* Exercise directions
Repeat every entry below exactly.

Supplied material START

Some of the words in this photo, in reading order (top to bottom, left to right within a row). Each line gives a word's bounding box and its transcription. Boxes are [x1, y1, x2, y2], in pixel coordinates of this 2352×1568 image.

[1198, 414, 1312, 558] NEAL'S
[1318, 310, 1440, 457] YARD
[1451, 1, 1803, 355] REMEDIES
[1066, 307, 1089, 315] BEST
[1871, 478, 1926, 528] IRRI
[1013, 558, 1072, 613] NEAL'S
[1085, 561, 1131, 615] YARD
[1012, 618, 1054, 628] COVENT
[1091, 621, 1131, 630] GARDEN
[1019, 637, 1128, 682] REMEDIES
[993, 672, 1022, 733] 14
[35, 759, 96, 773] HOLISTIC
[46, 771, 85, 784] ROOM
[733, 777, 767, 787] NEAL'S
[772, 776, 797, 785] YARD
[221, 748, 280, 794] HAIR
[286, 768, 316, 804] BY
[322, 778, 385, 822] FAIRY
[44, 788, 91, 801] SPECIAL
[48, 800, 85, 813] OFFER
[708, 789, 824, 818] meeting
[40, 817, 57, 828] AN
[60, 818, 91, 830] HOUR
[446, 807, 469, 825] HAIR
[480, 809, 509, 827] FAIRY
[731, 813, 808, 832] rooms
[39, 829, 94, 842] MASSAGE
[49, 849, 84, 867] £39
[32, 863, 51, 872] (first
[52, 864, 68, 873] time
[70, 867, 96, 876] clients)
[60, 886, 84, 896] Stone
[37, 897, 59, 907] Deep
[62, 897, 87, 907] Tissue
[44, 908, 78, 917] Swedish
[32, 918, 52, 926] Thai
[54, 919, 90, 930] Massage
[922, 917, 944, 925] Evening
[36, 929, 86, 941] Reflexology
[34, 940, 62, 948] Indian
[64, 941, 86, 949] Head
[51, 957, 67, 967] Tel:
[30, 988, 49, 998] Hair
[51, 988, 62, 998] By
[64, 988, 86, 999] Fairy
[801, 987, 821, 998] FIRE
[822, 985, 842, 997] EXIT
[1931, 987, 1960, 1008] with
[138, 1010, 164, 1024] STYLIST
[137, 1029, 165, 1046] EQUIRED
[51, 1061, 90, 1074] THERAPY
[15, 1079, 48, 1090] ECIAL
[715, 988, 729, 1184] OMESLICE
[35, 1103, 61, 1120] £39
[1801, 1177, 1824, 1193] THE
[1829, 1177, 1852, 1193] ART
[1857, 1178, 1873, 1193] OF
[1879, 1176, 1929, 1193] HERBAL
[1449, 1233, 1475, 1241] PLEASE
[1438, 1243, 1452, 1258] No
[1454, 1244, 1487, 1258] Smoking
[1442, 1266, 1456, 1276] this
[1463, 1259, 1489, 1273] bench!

Supplied material END

* Problem solution
Some of the words in this photo, in reading order (top to bottom, left to right within a row). Each line gives a word's bounding box and its transcription. Boxes are [x1, y1, x2, y2], in pixel coordinates of this 2352×1568 image.

[1198, 414, 1312, 558] NEAL'S
[1318, 310, 1440, 457] YARD
[1451, 1, 1803, 355] REMEDIES
[1066, 307, 1089, 315] BEST
[1871, 478, 1926, 528] IRRI
[1013, 558, 1072, 613] NEAL'S
[1085, 561, 1131, 615] YARD
[1012, 618, 1054, 628] COVENT
[1091, 621, 1131, 630] GARDEN
[1019, 637, 1128, 682] REMEDIES
[993, 672, 1022, 733] 14
[35, 759, 96, 773] HOLISTIC
[46, 771, 85, 784] ROOM
[733, 777, 767, 787] NEAL'S
[772, 776, 797, 785] YARD
[221, 748, 280, 794] HAIR
[286, 768, 316, 804] BY
[322, 778, 385, 822] FAIRY
[44, 788, 91, 801] SPECIAL
[48, 800, 85, 813] OFFER
[708, 789, 824, 818] meeting
[40, 817, 57, 828] AN
[60, 818, 91, 830] HOUR
[446, 807, 469, 825] HAIR
[480, 809, 509, 827] FAIRY
[731, 813, 808, 832] rooms
[39, 829, 94, 842] MASSAGE
[49, 849, 84, 867] £39
[32, 863, 51, 872] (first
[52, 864, 68, 873] time
[70, 867, 96, 876] clients)
[60, 886, 84, 896] Stone
[37, 897, 59, 907] Deep
[62, 897, 87, 907] Tissue
[44, 908, 78, 917] Swedish
[32, 918, 52, 926] Thai
[54, 919, 90, 930] Massage
[922, 917, 944, 925] Evening
[36, 929, 86, 941] Reflexology
[34, 940, 62, 948] Indian
[64, 941, 86, 949] Head
[51, 957, 67, 967] Tel:
[30, 988, 49, 998] Hair
[51, 988, 62, 998] By
[64, 988, 86, 999] Fairy
[801, 987, 821, 998] FIRE
[822, 985, 842, 997] EXIT
[1931, 987, 1960, 1008] with
[138, 1010, 164, 1024] STYLIST
[137, 1029, 165, 1046] EQUIRED
[51, 1061, 90, 1074] THERAPY
[15, 1079, 48, 1090] ECIAL
[715, 988, 729, 1184] OMESLICE
[35, 1103, 61, 1120] £39
[1801, 1177, 1824, 1193] THE
[1829, 1177, 1852, 1193] ART
[1857, 1178, 1873, 1193] OF
[1879, 1176, 1929, 1193] HERBAL
[1449, 1233, 1475, 1241] PLEASE
[1438, 1243, 1452, 1258] No
[1454, 1244, 1487, 1258] Smoking
[1442, 1266, 1456, 1276] this
[1463, 1259, 1489, 1273] bench!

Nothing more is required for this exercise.